Exercise objective:
Restate word for word the lines from the one bearing "Some of the text" through the end of the entries below, and leave every picture out.

Exercise data:

#####

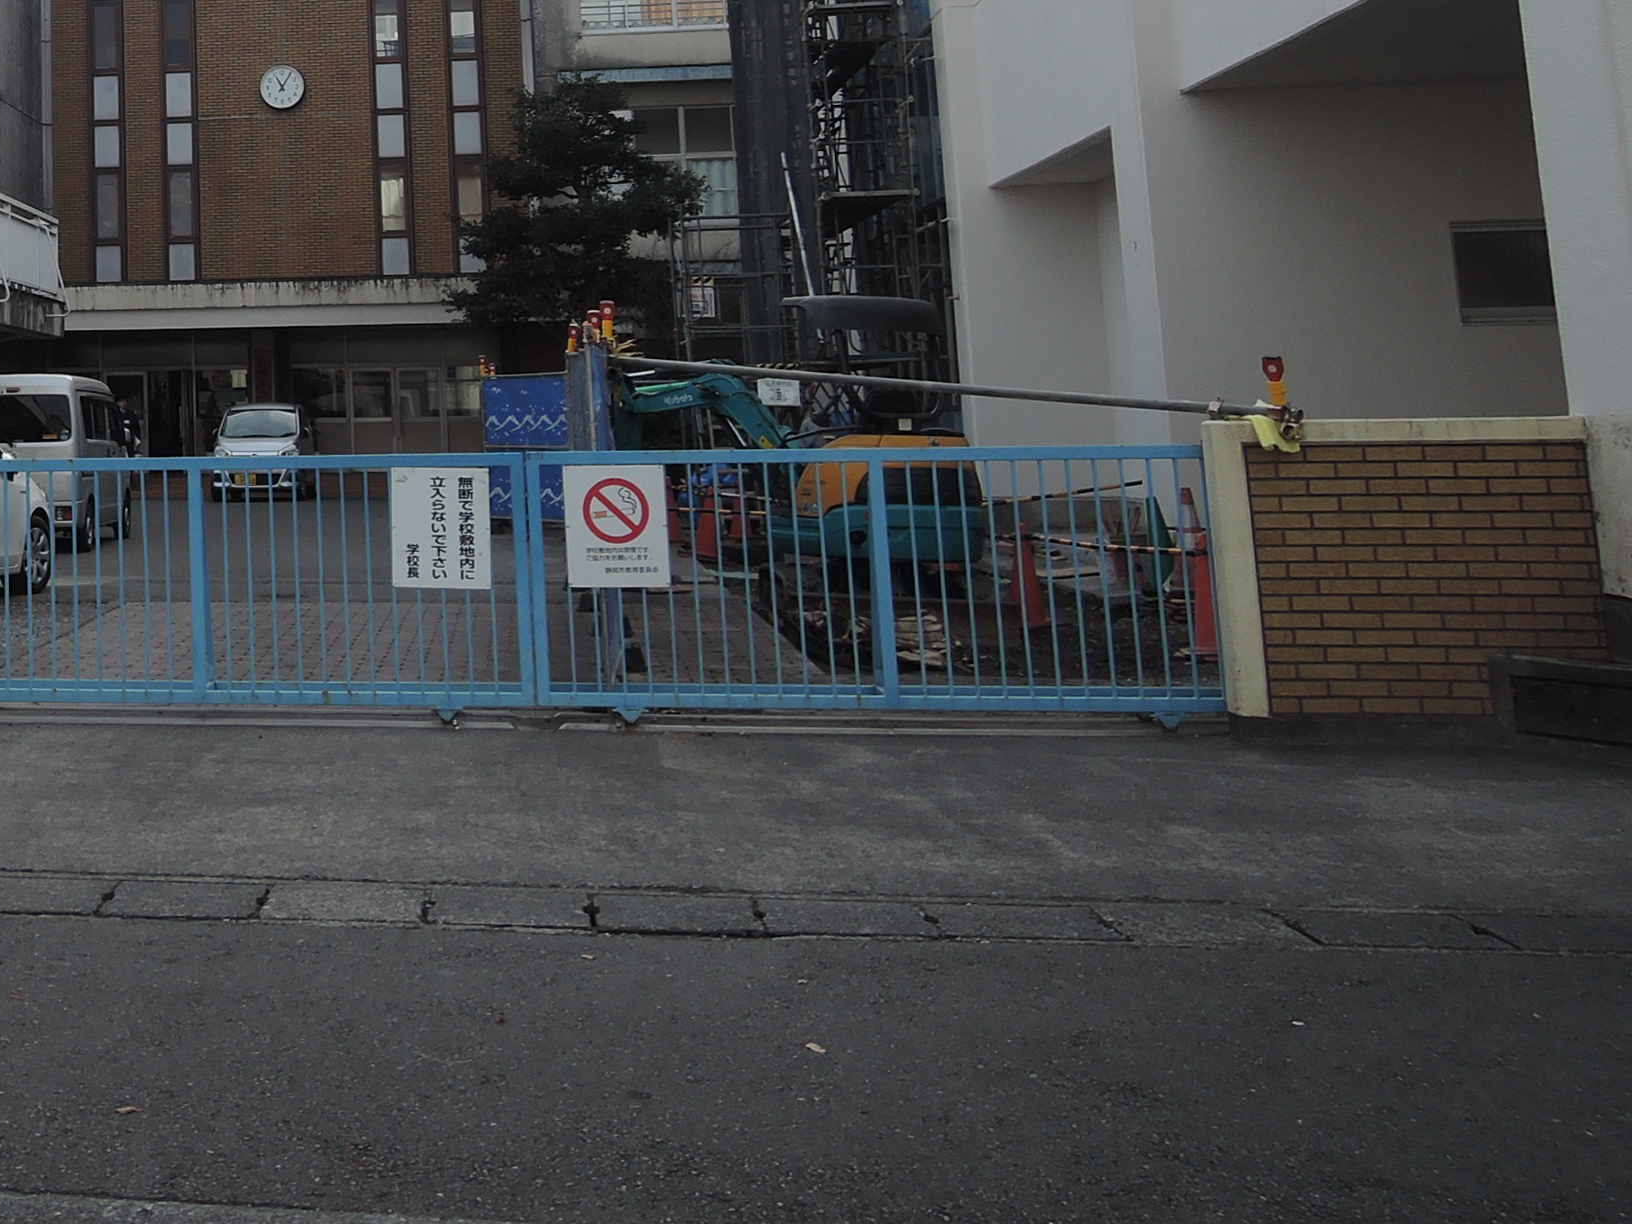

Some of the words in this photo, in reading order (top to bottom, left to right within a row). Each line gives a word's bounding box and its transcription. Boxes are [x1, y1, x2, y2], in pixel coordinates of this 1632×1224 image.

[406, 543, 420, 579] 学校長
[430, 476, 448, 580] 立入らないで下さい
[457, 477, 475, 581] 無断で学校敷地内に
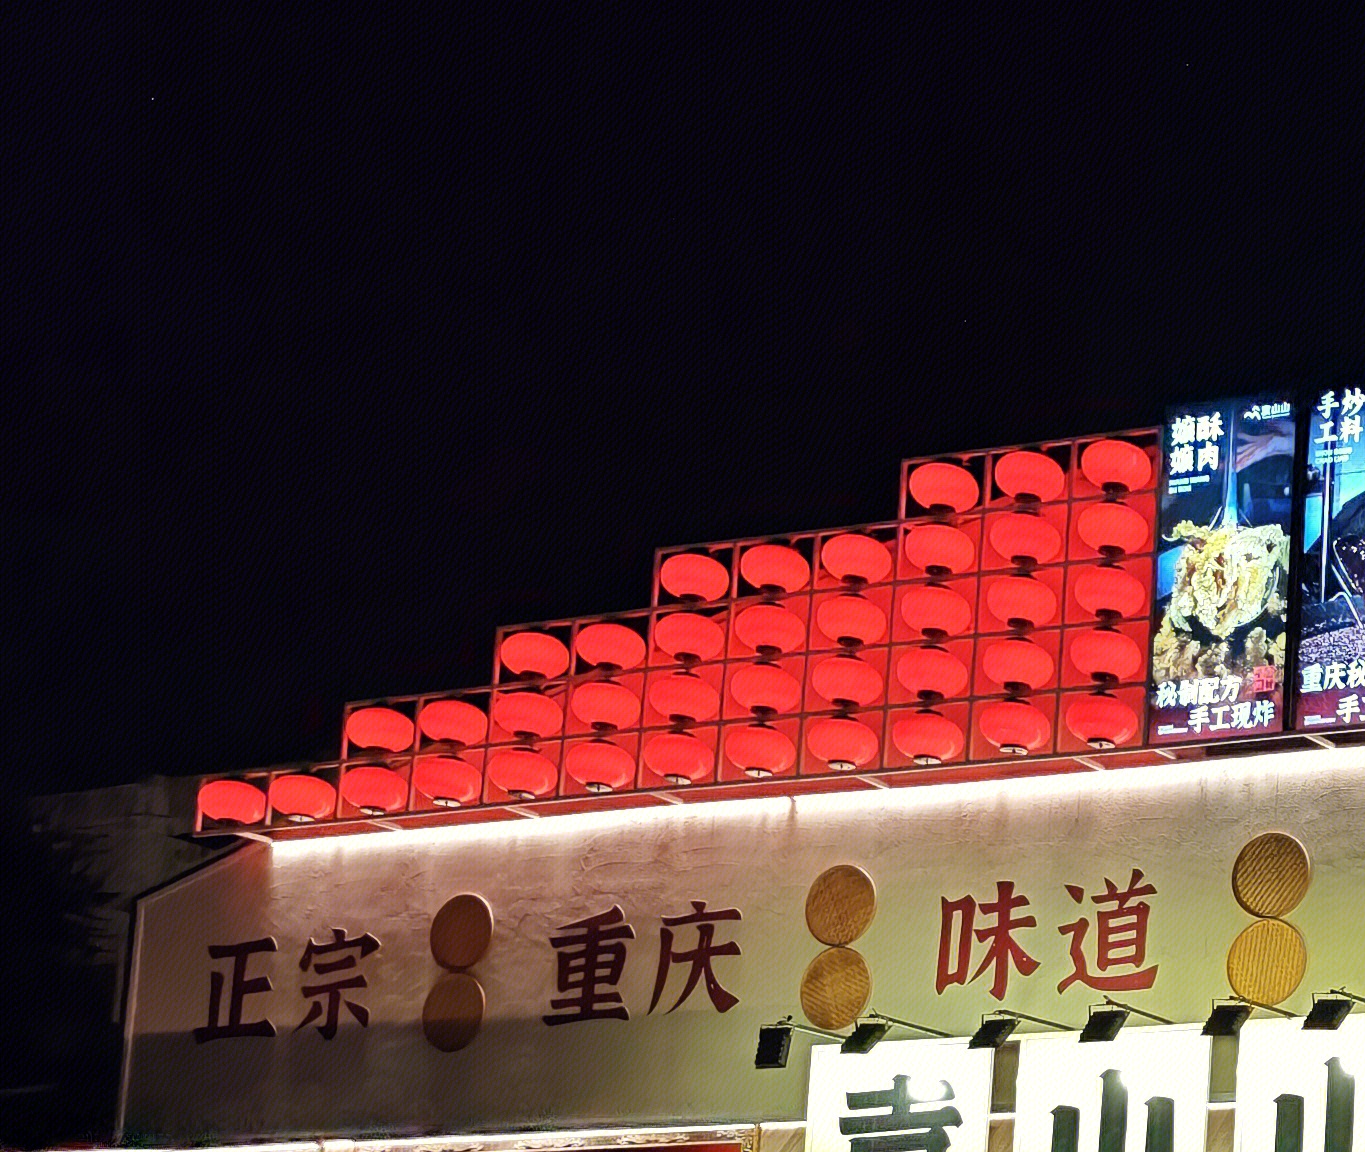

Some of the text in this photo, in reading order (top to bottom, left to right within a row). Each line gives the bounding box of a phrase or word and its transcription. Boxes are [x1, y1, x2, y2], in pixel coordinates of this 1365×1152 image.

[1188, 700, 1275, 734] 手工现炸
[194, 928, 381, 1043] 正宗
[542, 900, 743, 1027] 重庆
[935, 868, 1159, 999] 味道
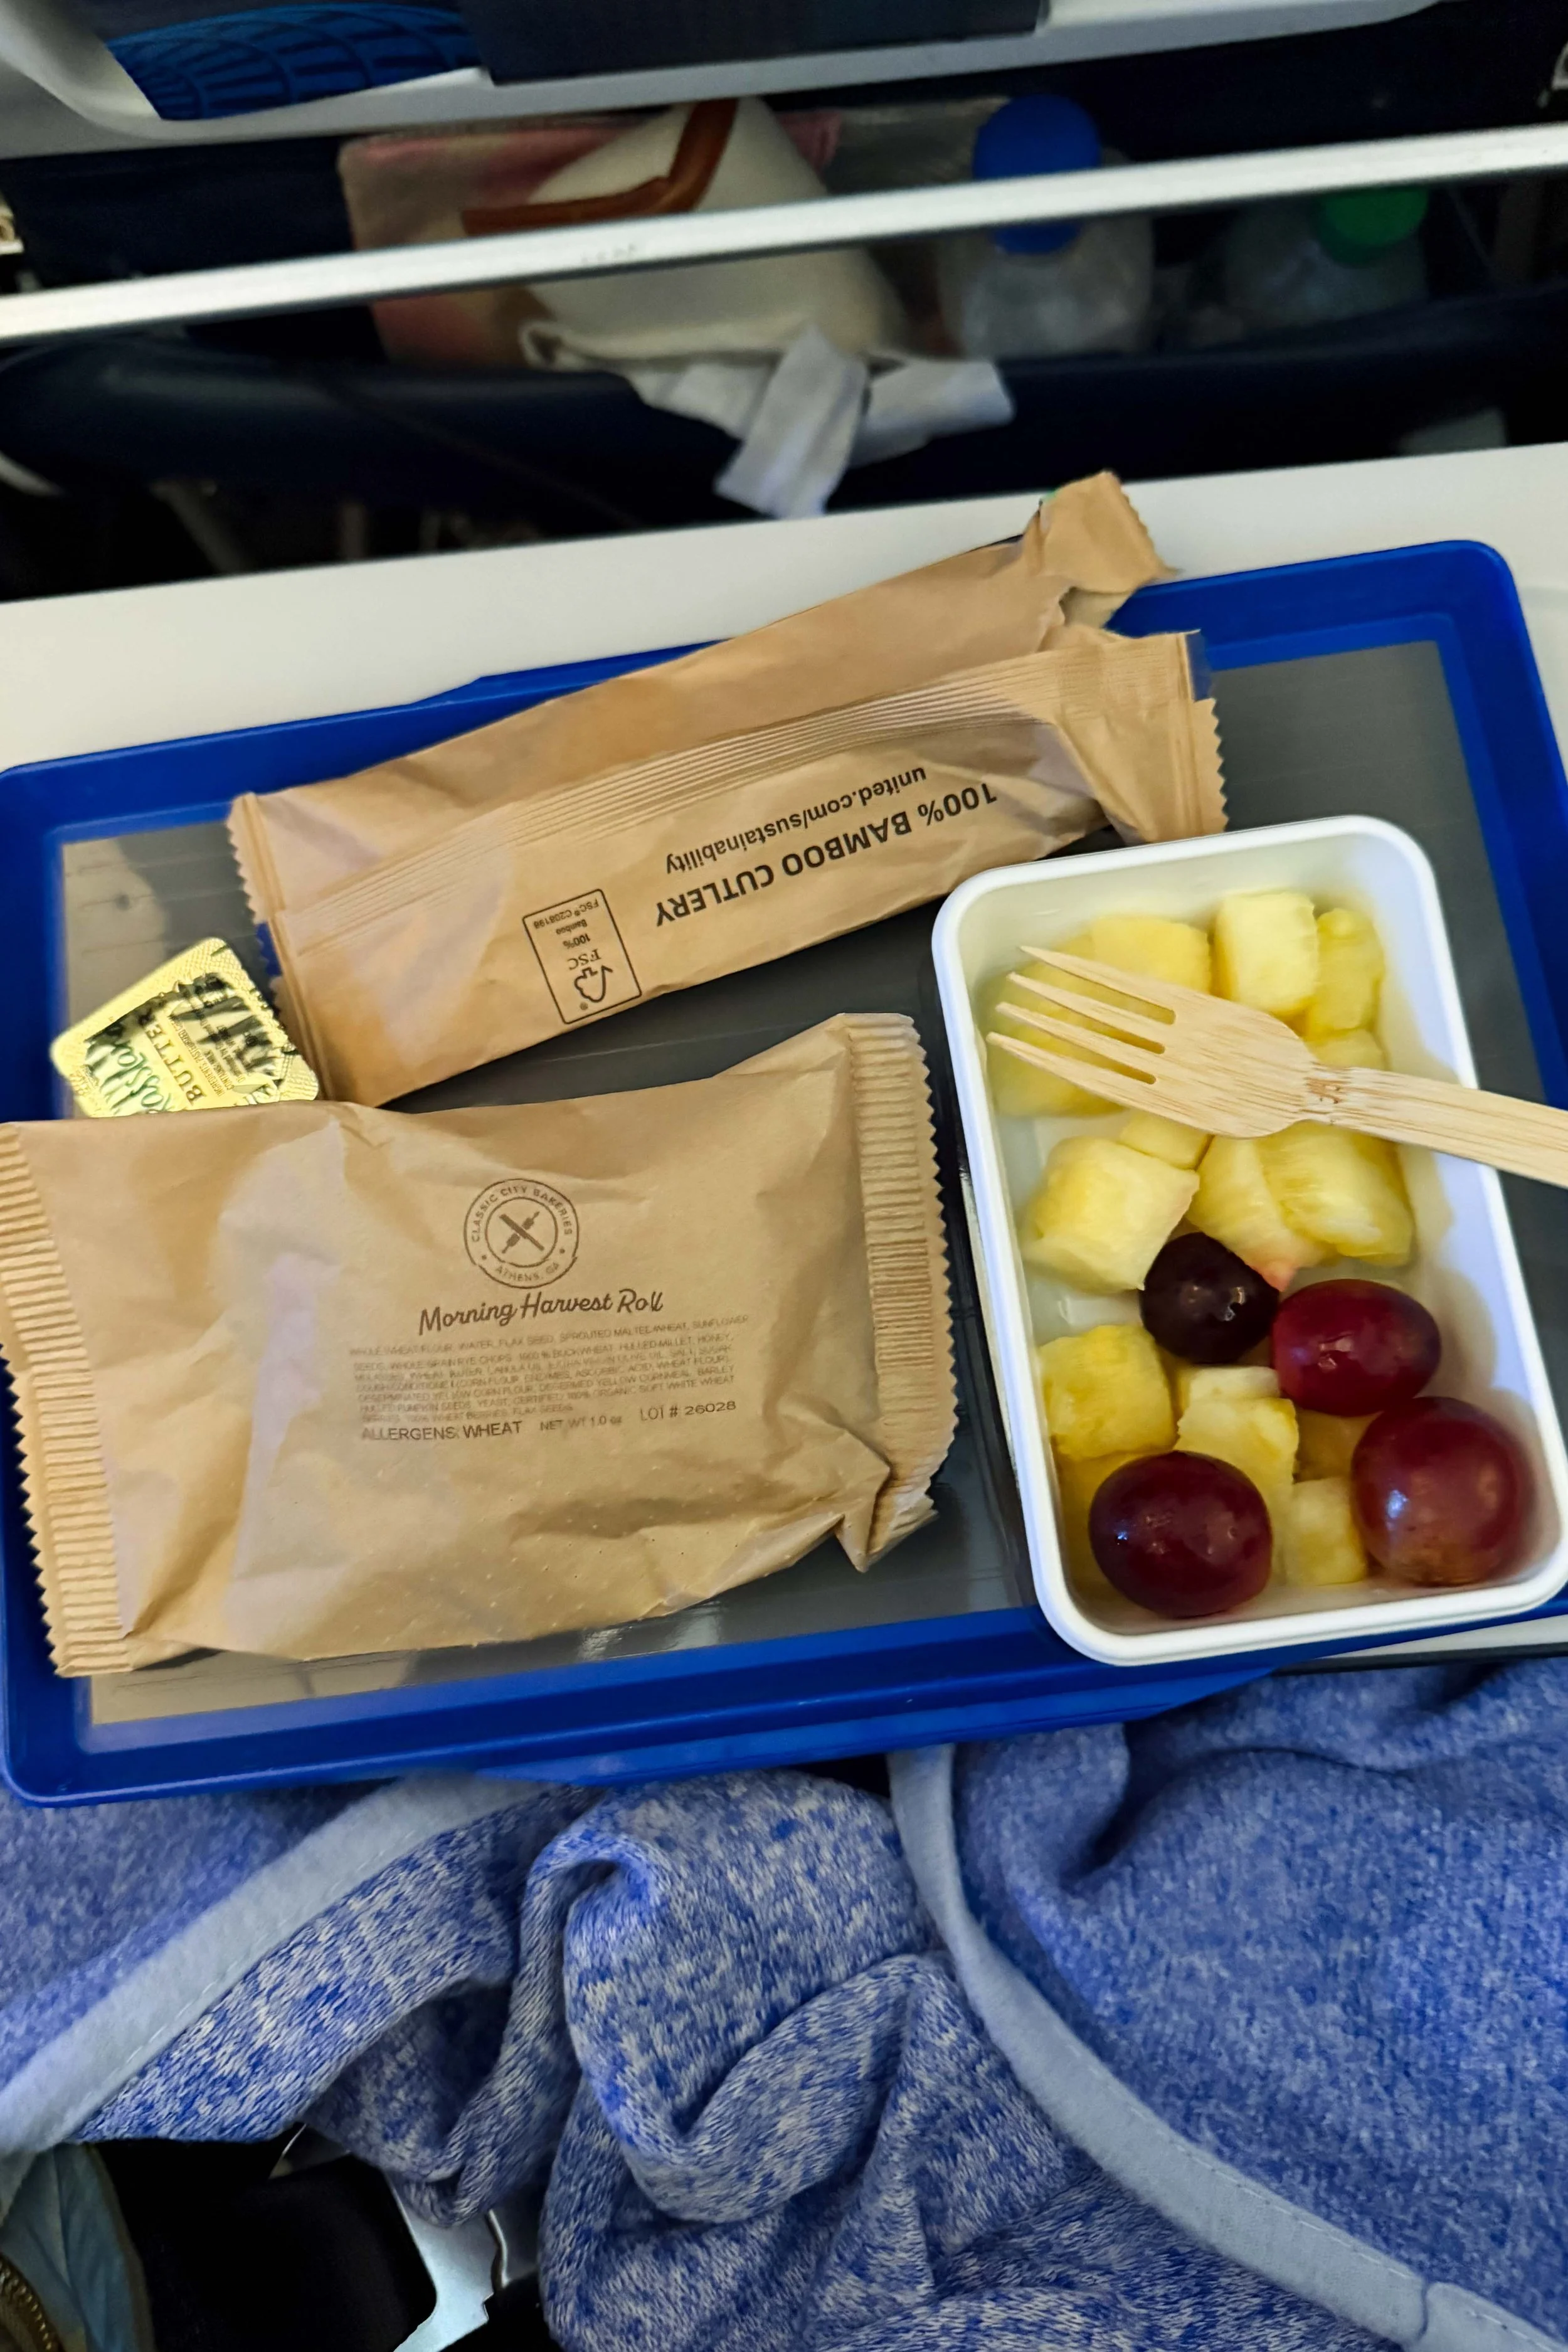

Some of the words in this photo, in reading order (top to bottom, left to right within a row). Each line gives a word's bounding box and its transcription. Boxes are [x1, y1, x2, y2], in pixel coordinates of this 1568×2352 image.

#####

Answer below:
Some of the text in this photo, in reading order (top to bottom, left to right within a row). Each line gives the bounding box of a phrase or word and its transcription. Boxes are [x1, y1, x2, y2], in pixel coordinates of this 1365×1152 image.

[1188, 700, 1275, 734] 手工现炸
[194, 928, 381, 1043] 正宗
[542, 900, 743, 1027] 重庆
[935, 868, 1159, 999] 味道

Some of the words in this photo, in reading order (top to bottom, left to right within a row). Each line gives a word's bounding box and its transcription. Boxes are [x1, y1, x2, y2], in pixel coordinates of this 1568×2352 image.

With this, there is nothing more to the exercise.